In Buddhism, the experience of mindfulness or “sati” (which literally means remembering) refers to a sky-like state of awareness.  Mindfulness can include everything that arises, inwardly and outwardly.  At different moments and in different instances, however, mindfulness may reveal different aspects or qualities.   One factor is investigation, which is that probing quality of attention that arises, say, when are lost in the woods and seeking the path–in classical Buddhist terms, it refers to investigating the way things are and the way things happen, the lawful unfolding of things.   Another factor is energy, which was referred to in anciet Sanskrit and its street variant Pali by the word “virya.”  In the Rig Veda and other ancient Sanskrit texts “virya” referred to a hero, one who was virile (you probably guessed that).  As in many other instances, the clever, radical Buddha recast or liberated this word to mean the special energy and effort it takes make the journey to liberation.

We still need to be heroes, but the quality of the effort required isn’t so, well, effortful.  It has to do with opening to what it is, to letting be.   I’m about to make what might seem to be a wild leap, but this is the fun of blogging and I do have a point, so please stay with me.   Towards the end of his journey, Hamlet becomes at last reconciled to his particular tragic situation.  His friend tries to talk him out of accepting the challenge of a duel that both sense is a trap.  But Hamlet has come to understand something profound about the nature of reality–that we really are not in control in the way we dream we are:

“If it be / now, ‘tis not to come; if it be not to come, it will be /now; if it be not now, yet it will come.

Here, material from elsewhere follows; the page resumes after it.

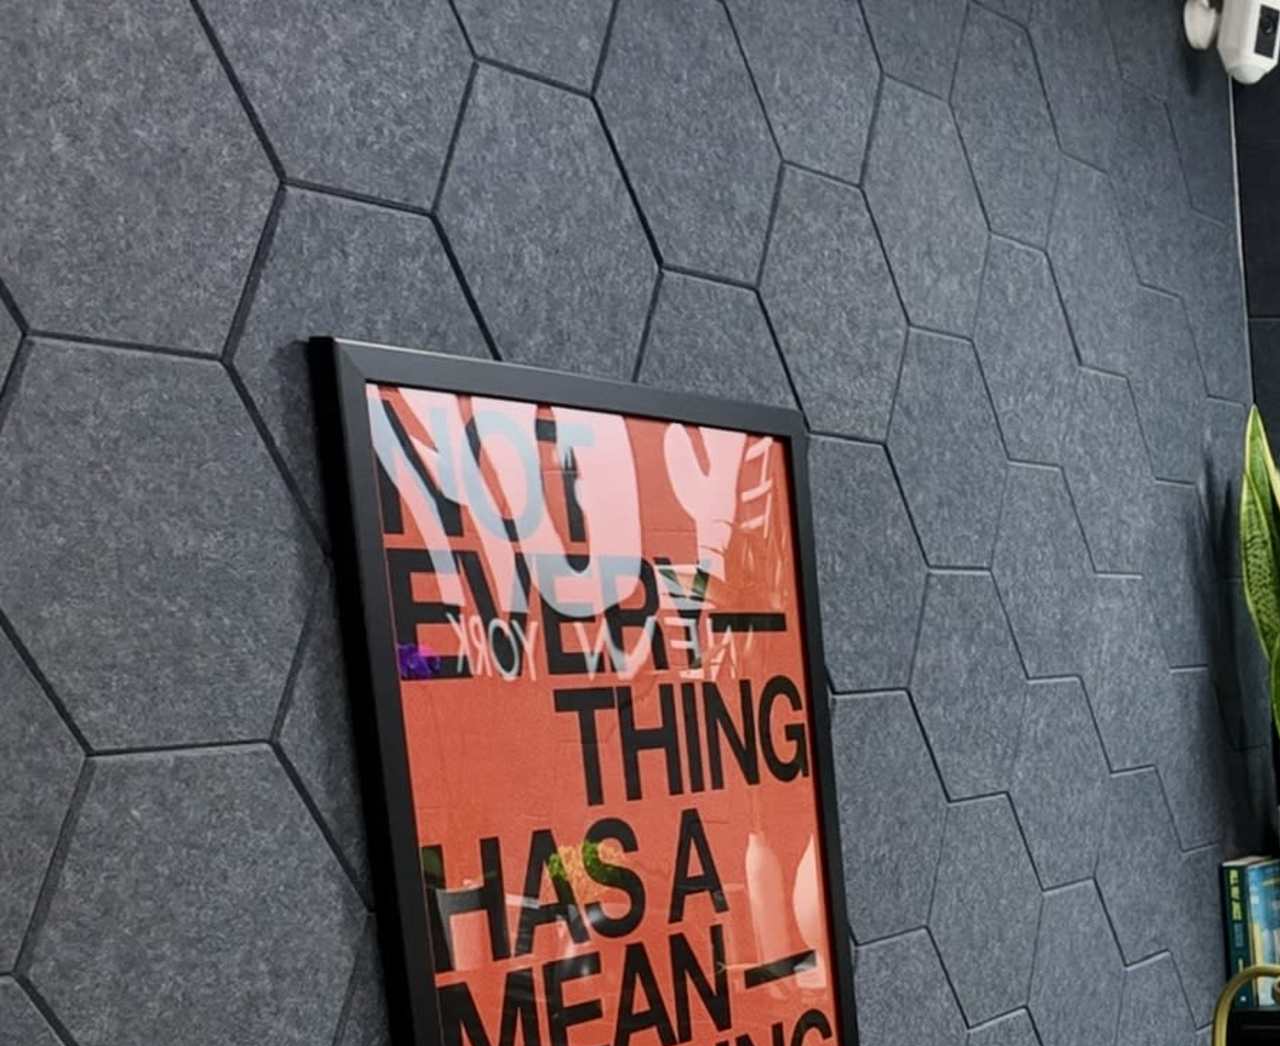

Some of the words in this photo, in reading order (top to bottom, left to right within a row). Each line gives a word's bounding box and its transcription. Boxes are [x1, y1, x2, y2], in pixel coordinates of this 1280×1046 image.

The / readiness is all.”

Hamlet came to see and accept that reality was determined ultimately by a greater lawfulness, by God.  He came to see that our true freedom, our true sense of place and empowerment comes from letting go of our own will (Shakespeare knew a Bible that uses “readiness” for “willingness”) and being willing to take our true place.  We find ourselves, our true purpose and path, as we learn to stop leaning forward, effortful and anxious–when we fall back on God.